Он знает что его маска была не совсем лжива:
Я говорил искренне! Я помню, во мне тоже было настоящее чувство. Я именно хотел вызвать в ней благородные чувства… если она поплакала, то это хорошо, это благотворно действует…
Но такое самоуспокоение пересиливается чем-то другим:
Именно один момент из всего вчерашнего мне особенно ярко представлялся: это когда я осветил спичкой комнату и увидел ее бледное, искривленное лицо, с мученическим взглядом. И какая жалкая, какая неестественная, какая искривленная улыбка у ней была в ту минуту! Но я не знал еще тогда, что и через пятнадцать лет я все-таки буду представлять себе Лизу именно с этой жалкой, искривленной, ненужной улыбкой, которая была у нее в ту минуту.
Вот центральный момент столкновения «Высокого и Прекрасного» с «обыденным», с «тьмой низких истин», где царствует система Воли к Васти. Герой не будет так же мучительно ясно вспоминать через пятнадцать лет, как он, например, в истерике плакал перед Лизой, когда она пришла к нему, или как снова переспал с ней и потом пытался всучить ей деньги – нет, именно и особенно момент, когда увидел результат победы, которую он одержал при помощи высокого обмана, и что этот обман сделал с ее лицом.

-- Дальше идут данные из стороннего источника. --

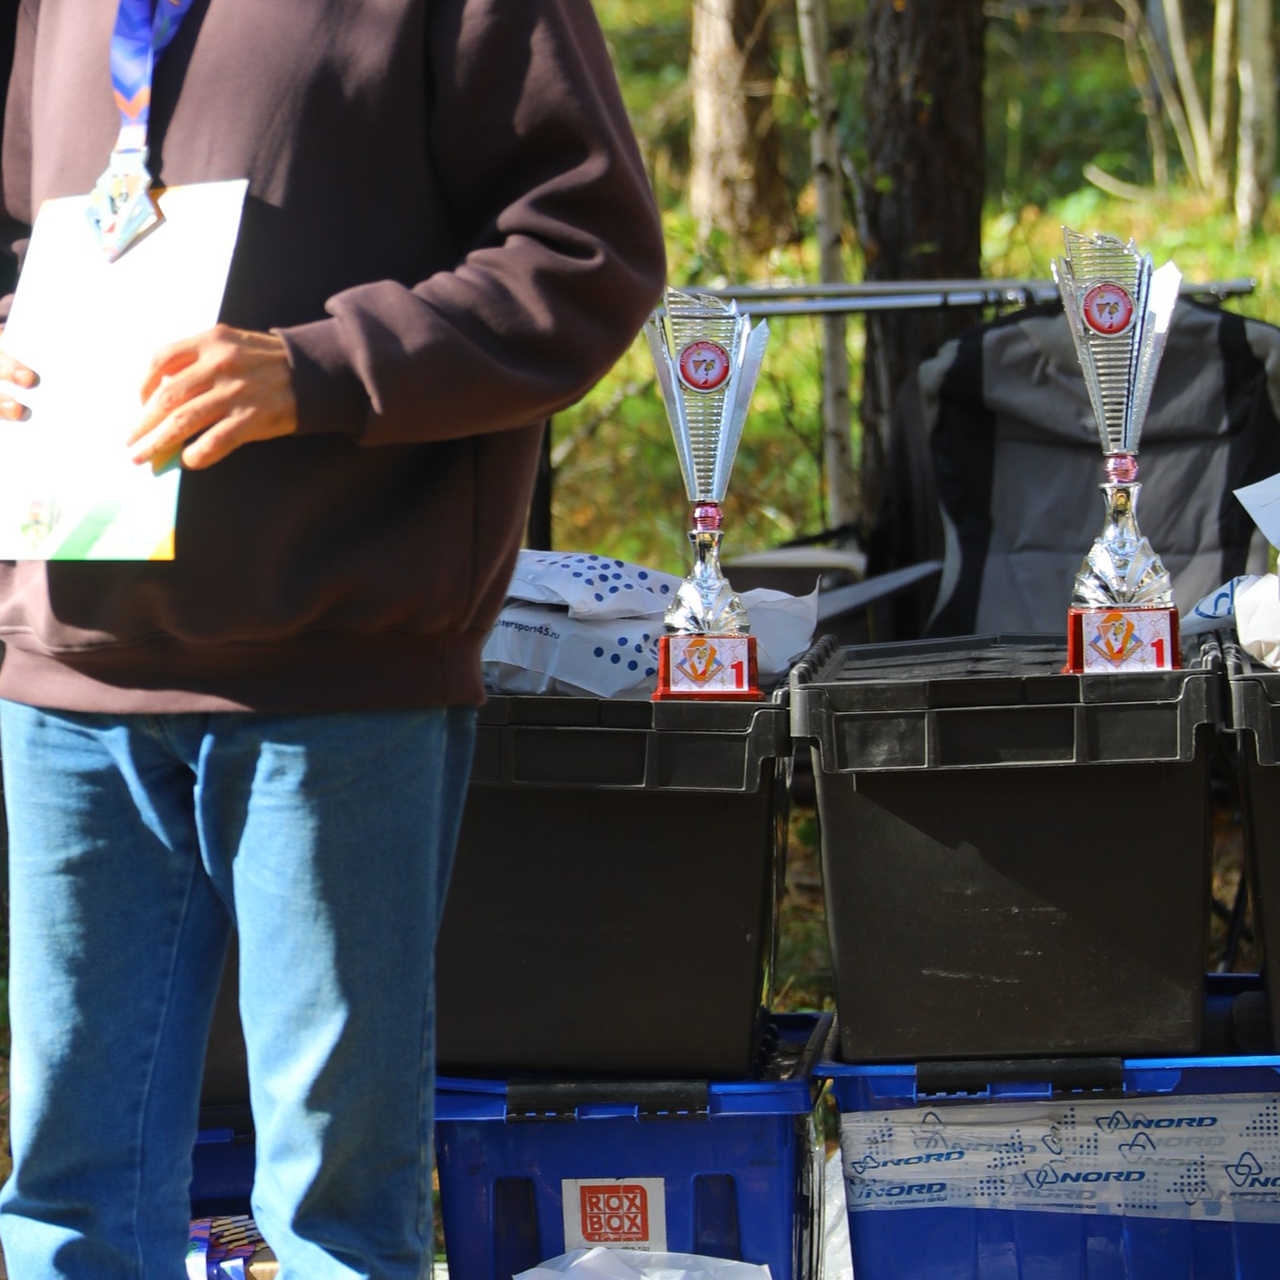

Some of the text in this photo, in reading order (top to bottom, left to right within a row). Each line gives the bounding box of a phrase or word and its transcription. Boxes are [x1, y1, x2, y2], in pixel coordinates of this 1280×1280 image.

Писатель типа автора «Хаджи Мурата» должен был бы закончить повесть именно на этом месте, потому что с точки зрения натурального реализма повесть, которая насквозь пронинута проблемой соотношения романтизма и реализма жизни, здесь и заканчивается. В эпизоде обеда с друзьями герой, рыцарь и мученик романтики, тщетно пытался пробиться сквозь толщу «тьмы низких истин», войти в контакт с реальностью жизни, но был заведомо отвергнут. И однако же, хоть он лично был унижен и растоптан, его романтизм и его образ рыцаря романтики не были затронуты. Он-то думал, что растоптан так, что дальше некуда, но он не знал, что ждет рыцаря, когда тот действительно сумеет войти в контакт с реальностью, и станет ясно, что, несмотря на его искреннюю преданность романтизму («я говорил искренне»), он всего только подделка под Дон Кихота, и что его романтизм способен только на обман – какой ужасный вывод, какая действительно катастрофа.
Но Достоевский не был автором «Хаджи Мурата» и он не мог закончить повесть указанным образом и на указанном месте. В своей иронии над высоким и прекрасным, в своих издевательствах над романтизмом христианской литературы он зашел слишком далеко – вот если бы у него написалась такая концовка, такое разешение повести, которые искупят все предыдущие издевательства и иронии… В письме к брату, написанному уже после опубликования «Подполья», он сообщает, что у него уже написаны две части для продолжения «Записок», состоящие из десяти главок, но он не хочет их публиковать без еще ненаписанной третьей части, в которой все разрешится, как разрешается «в музыке» (Достоевский писал о музыке неловко; то, что он имел здесь в виду, был, несомненно, драматизм перехода от одной части музыкального произведения к другой). По-видимому, как только у Достоевского возник образ кающейся блудницы , ему оказались не нужны все те многочисленные главки, которые он упоминает в письме и которыми он намеревался продолжать «Записки из подполья»: в эпизоде прихода преображенной Лизы к герою драматический переход осуществлен, любовь торжествует над неспособностью любить, и герой с точки зрения христианских ценностей Высокого и Прекрасного, которыми он только и живет, повергнут в прах.
И опять здесь двойственность. Если Достоевский действительно пишет «музыкальное» разрешение повести с искренней серьезностью, зачем он ставит в эпиграф к «По поводу мокрого снега» выспренный, надрывно сентиментальный стих Некрасова, который один к одному дублирует последнюю сцену, и замыкает его издевательским «И т. д., и т. д., и т. д.»? Я понимаю, что обычный читатель читает, не столько прилагая ум, сколько следуя чувствам, и потому не слишком замечает этот эпиграф, а если и замечает, то тут же забывает о нем, потому что вопящее напряжение последней сцены прихода проститутки Лизы к герою, «последнее», как принято говорить о таких местах у Достоевского, откровение и разоблачение героем самого себя настолько пересиливают впечатление от эпиграфа, что его можно отбросить в сторону, как тряпку, которой кто-то пытался завесить картину истинной серьезности происходящего, картину, в которой задействованы какие-то основные духовные понятия европейской цивилизации, в изначале которых лежит слово «любовь».